Restate the data below word for word. Skip any images it contains.

------------------------------------

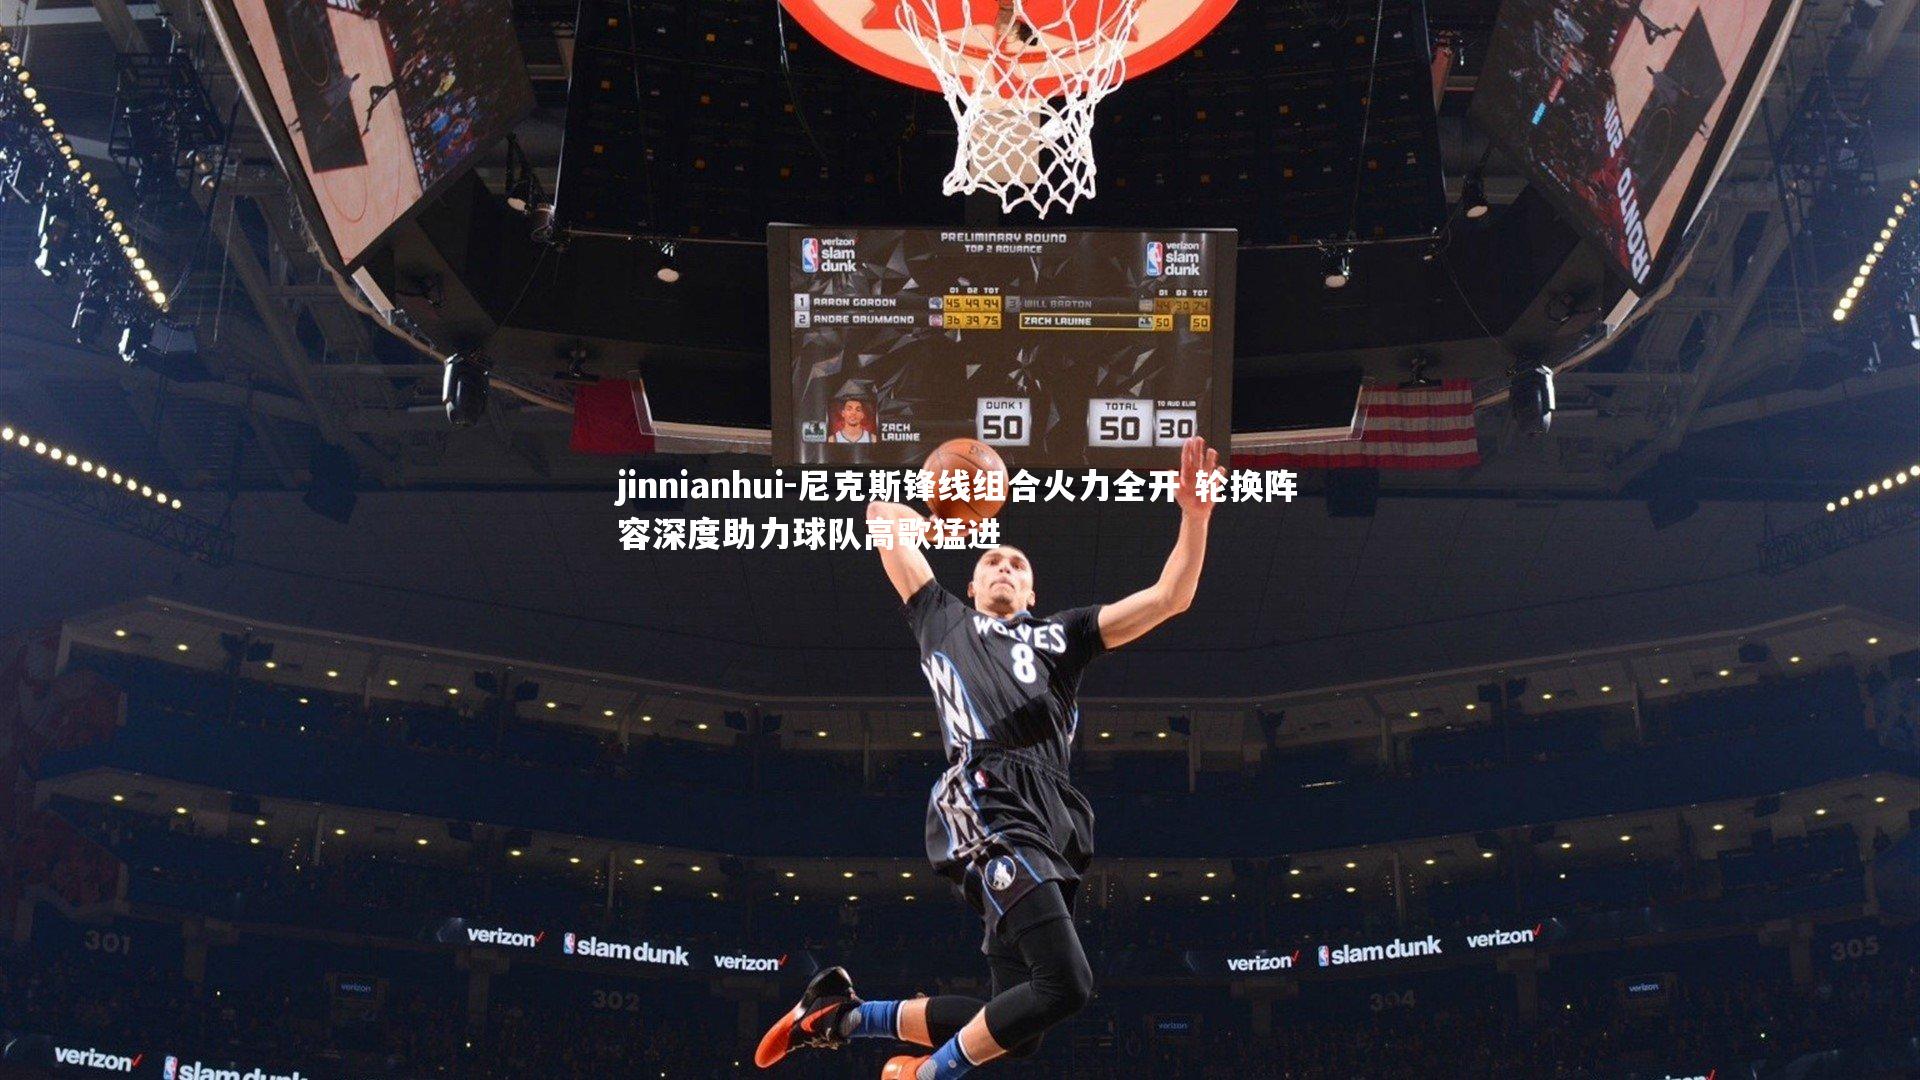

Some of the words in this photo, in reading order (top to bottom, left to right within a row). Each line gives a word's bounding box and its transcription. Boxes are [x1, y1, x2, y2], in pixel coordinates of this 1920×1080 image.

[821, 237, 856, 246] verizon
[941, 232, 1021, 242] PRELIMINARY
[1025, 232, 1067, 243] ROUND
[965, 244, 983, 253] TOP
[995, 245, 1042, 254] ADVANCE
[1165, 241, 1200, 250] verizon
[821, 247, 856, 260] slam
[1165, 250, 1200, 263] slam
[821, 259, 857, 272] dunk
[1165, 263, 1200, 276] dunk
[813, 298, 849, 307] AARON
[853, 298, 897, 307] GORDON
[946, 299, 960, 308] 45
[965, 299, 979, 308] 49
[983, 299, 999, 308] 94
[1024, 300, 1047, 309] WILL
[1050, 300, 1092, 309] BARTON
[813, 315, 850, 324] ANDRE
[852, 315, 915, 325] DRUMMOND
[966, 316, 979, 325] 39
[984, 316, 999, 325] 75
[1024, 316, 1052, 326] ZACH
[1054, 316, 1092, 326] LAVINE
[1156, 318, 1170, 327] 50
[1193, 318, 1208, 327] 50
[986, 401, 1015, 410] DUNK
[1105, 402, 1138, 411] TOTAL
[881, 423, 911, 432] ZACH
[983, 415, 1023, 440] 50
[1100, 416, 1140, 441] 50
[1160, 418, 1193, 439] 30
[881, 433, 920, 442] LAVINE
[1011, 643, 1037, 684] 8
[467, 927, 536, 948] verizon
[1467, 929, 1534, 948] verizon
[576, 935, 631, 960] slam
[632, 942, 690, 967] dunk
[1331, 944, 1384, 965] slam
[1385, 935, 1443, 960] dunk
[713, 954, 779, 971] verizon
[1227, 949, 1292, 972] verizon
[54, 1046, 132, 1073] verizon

------------------------------------

### RESULT OF THE EXERCISE
Some of the words in this photo, in reading order (top to bottom, left to right within a row). Each line gives a word's bounding box and its transcription. Boxes are [x1, y1, x2, y2], in pixel coordinates of this 1920×1080 image.

[821, 237, 856, 246] verizon
[941, 232, 1021, 242] PRELIMINARY
[1025, 232, 1067, 243] ROUND
[965, 244, 983, 253] TOP
[995, 245, 1042, 254] ADVANCE
[1165, 241, 1200, 250] verizon
[821, 247, 856, 260] slam
[1165, 250, 1200, 263] slam
[821, 259, 857, 272] dunk
[1165, 263, 1200, 276] dunk
[813, 298, 849, 307] AARON
[853, 298, 897, 307] GORDON
[946, 299, 960, 308] 45
[965, 299, 979, 308] 49
[983, 299, 999, 308] 94
[1024, 300, 1047, 309] WILL
[1050, 300, 1092, 309] BARTON
[813, 315, 850, 324] ANDRE
[852, 315, 915, 325] DRUMMOND
[966, 316, 979, 325] 39
[984, 316, 999, 325] 75
[1024, 316, 1052, 326] ZACH
[1054, 316, 1092, 326] LAVINE
[1156, 318, 1170, 327] 50
[1193, 318, 1208, 327] 50
[986, 401, 1015, 410] DUNK
[1105, 402, 1138, 411] TOTAL
[881, 423, 911, 432] ZACH
[983, 415, 1023, 440] 50
[1100, 416, 1140, 441] 50
[1160, 418, 1193, 439] 30
[881, 433, 920, 442] LAVINE
[1011, 643, 1037, 684] 8
[467, 927, 536, 948] verizon
[1467, 929, 1534, 948] verizon
[576, 935, 631, 960] slam
[632, 942, 690, 967] dunk
[1331, 944, 1384, 965] slam
[1385, 935, 1443, 960] dunk
[713, 954, 779, 971] verizon
[1227, 949, 1292, 972] verizon
[54, 1046, 132, 1073] verizon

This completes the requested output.